Families poured into the street avoiding the stinking open sewers. They carried hastily prepared bundles, some on horseback others in wagons piled high with household items, the wheels rumbling and sparking, as the metal rim of a wheel struck the stone cobbles, dogs were barking, and babies crying.
A horse reared up throwing a woman carrying her baby in front of Gramps, who miraculously caught the baby and clutched at the horse’s reins taking control of the swaying cart.
People were covering their mouths and noses, others choking and coughing as the smoke struck their lungs. The hot air was thick with smoke and tiny burning floating embers were trying to take hold.

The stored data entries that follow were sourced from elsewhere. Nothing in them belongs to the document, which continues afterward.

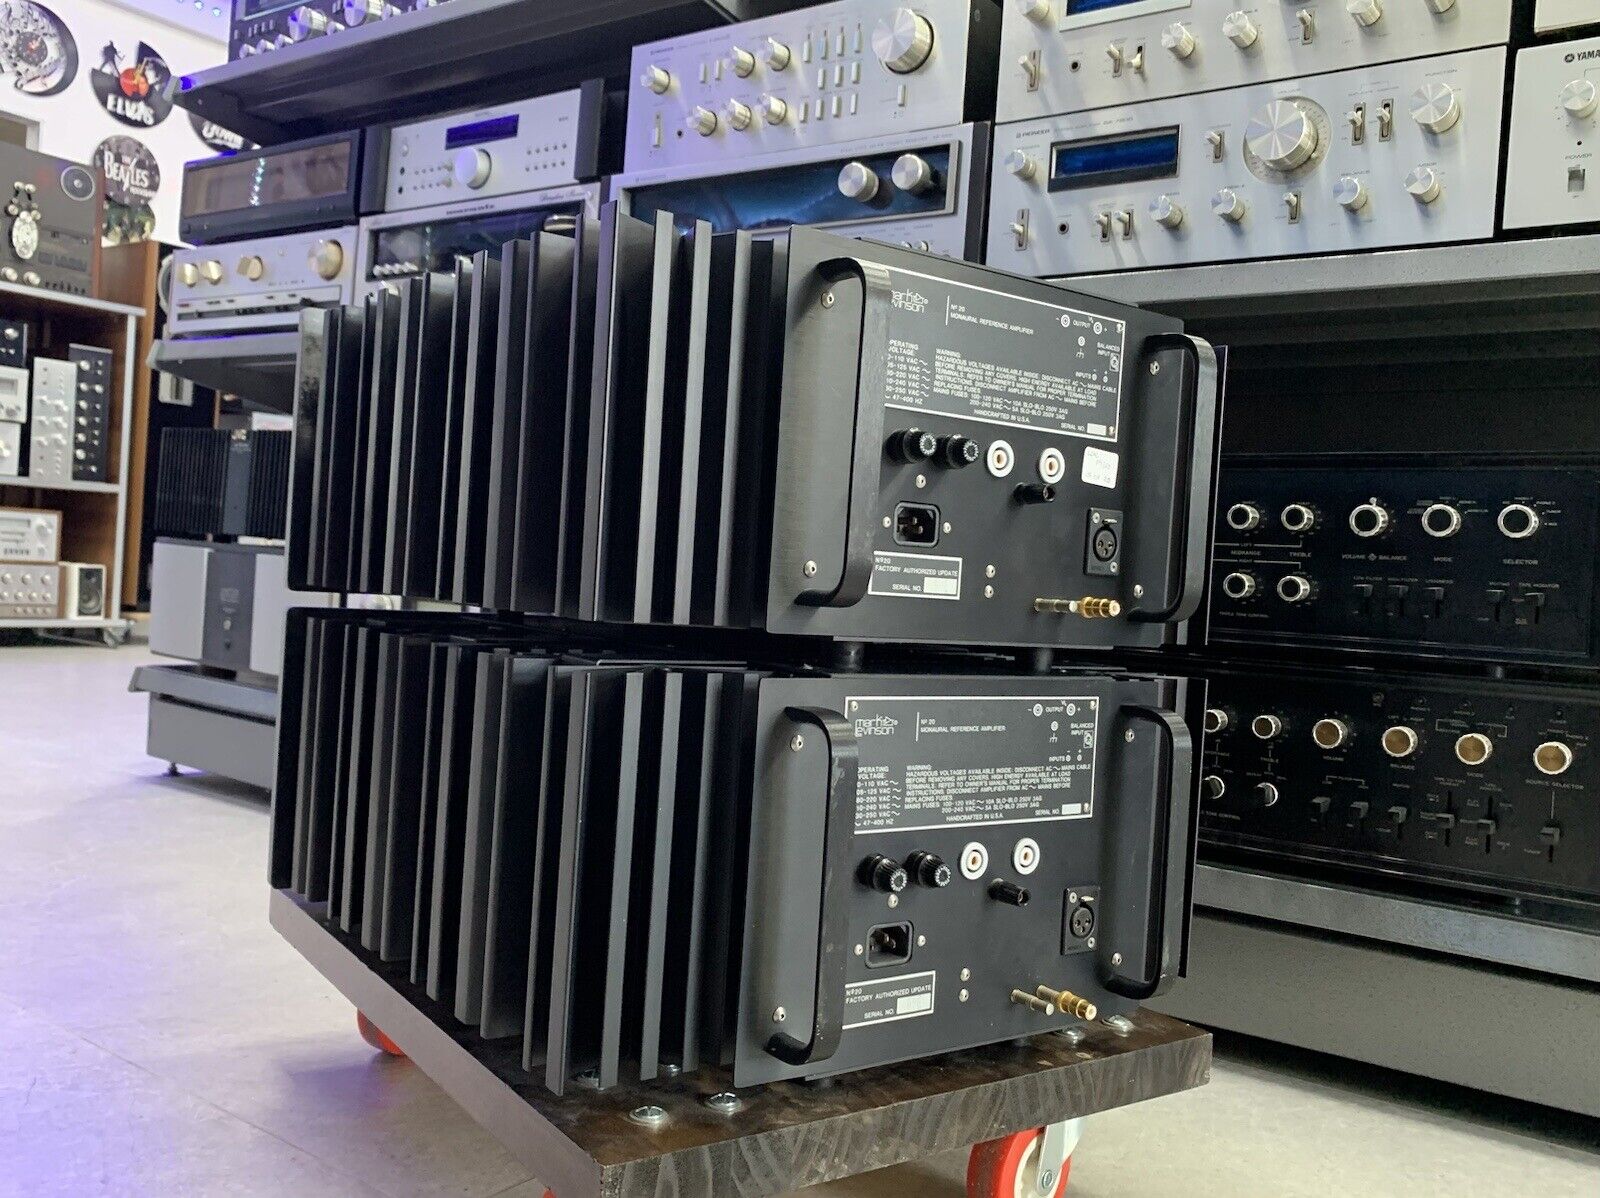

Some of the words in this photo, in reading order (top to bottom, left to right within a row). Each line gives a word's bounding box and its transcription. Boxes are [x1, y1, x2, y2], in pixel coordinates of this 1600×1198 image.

[951, 312, 978, 323] MONAURAL
[979, 318, 1008, 330] REFERENCE
[1009, 324, 1034, 335] AMPLIFIER
[1073, 320, 1091, 329] OUTPUT
[889, 339, 918, 351] PERATING
[936, 355, 967, 366] HAZARDOUS
[996, 366, 1022, 376] AVAILABLE
[1042, 374, 1071, 385] DISCONNECT
[974, 409, 1010, 420] HANDCRAFTED
[875, 565, 901, 573] FACTORY
[903, 567, 937, 575] AUTHORIZED
[855, 714, 883, 727] mark
[946, 814, 983, 822] HANDCRAFTED
[845, 994, 873, 1004] FACTORY
[875, 988, 910, 999] AUTHORIZED
[910, 985, 931, 994] UPDATE
[864, 1010, 884, 1019] SERIAL

Round the corner at the end of the street waited a rather dusty mini, the family holding hands squeezed past the frantic mob, Mini opened her doors and they all slid safely inside.
Smoke engulfed them. Surprisingly they then felt the car bobbing up and down, alarmingly.
The smokey windows cleared, they could see they were floating in the Thames.
Looming up before them was a magnificent barge,
“Its the King’s barge I know it is” exclaimed Gramps ” five rowers on each side and look at the bow, that’s him!”
At the bow stood the king all six foot two inches of him, the king’s magnificent barge was now too close; overseeing the royal orders, saving London, which Gramps told them burnt for four days.
“Watch out we’re going to collide with the King.” cried Innis.
Mini lurched sideways avoiding the hull of the vessel that sped on, leaving heavy waves in its wake, which Mini managed to avoid.
Their gaze returned to the bank of the river.
Some people were flinging themselves into the water, others into boats.
“I wonder if Sir Christopher Wren is in the barge with his majesty, look, you can see St. Paul’s Cathedral on fire. It
will be rebuilt together with fifty-one other city churches, by Sir Christopher.” said Gramps.
They were now well clear of the king’s vessel, the river calm and dark as ink, where they floated.
After they had changed into their normal clothes and recovered from their flight from the fire and near collision with the royal barge and had swallowed a long cool drink, Hector asked; “What happened, were many houses burned down were people killed?”
“Considering the huge number of houses destroyed, few people were lost to the flames.
People listened and they did leave their homes, thankfully few were fatally hurt.
The flea-infested rats that a year ago caused the great plague perished.
London was cleansed of open sewers and the houses rebuilt with brick.”
Better get back now, your parents may be wondering where we are, shall we say the words altogether?”
” Go go mini go” they all chanted happily.
As if in a blink of an eye, the mini came to rest outside the children’s house, the front door flew open and Mrs Peters ushered the children in for a scrumptious tea that they all thoroughly deserved.
“Tell me” said Mr Peters, during tea, ” where have you been?”
“We were in the fire of London and we saw King Charles the 2nd on his barge” informed Felix. “How amazing,” said their father.
“That barge is on display in the National Museum of The Royal Navy we could have a closer look at it sometime” suggested Gramps. ” Must get going, things to do; see you soon.” they all left the table to see the old man off; with a wave of his hand and a chuckle he stepped into Mini and was gone.
It took thirty-five years to rebuild St Paul’s Cathedral, which was seriously threatened by the fire in The Blitz of London in 1940, World War 2.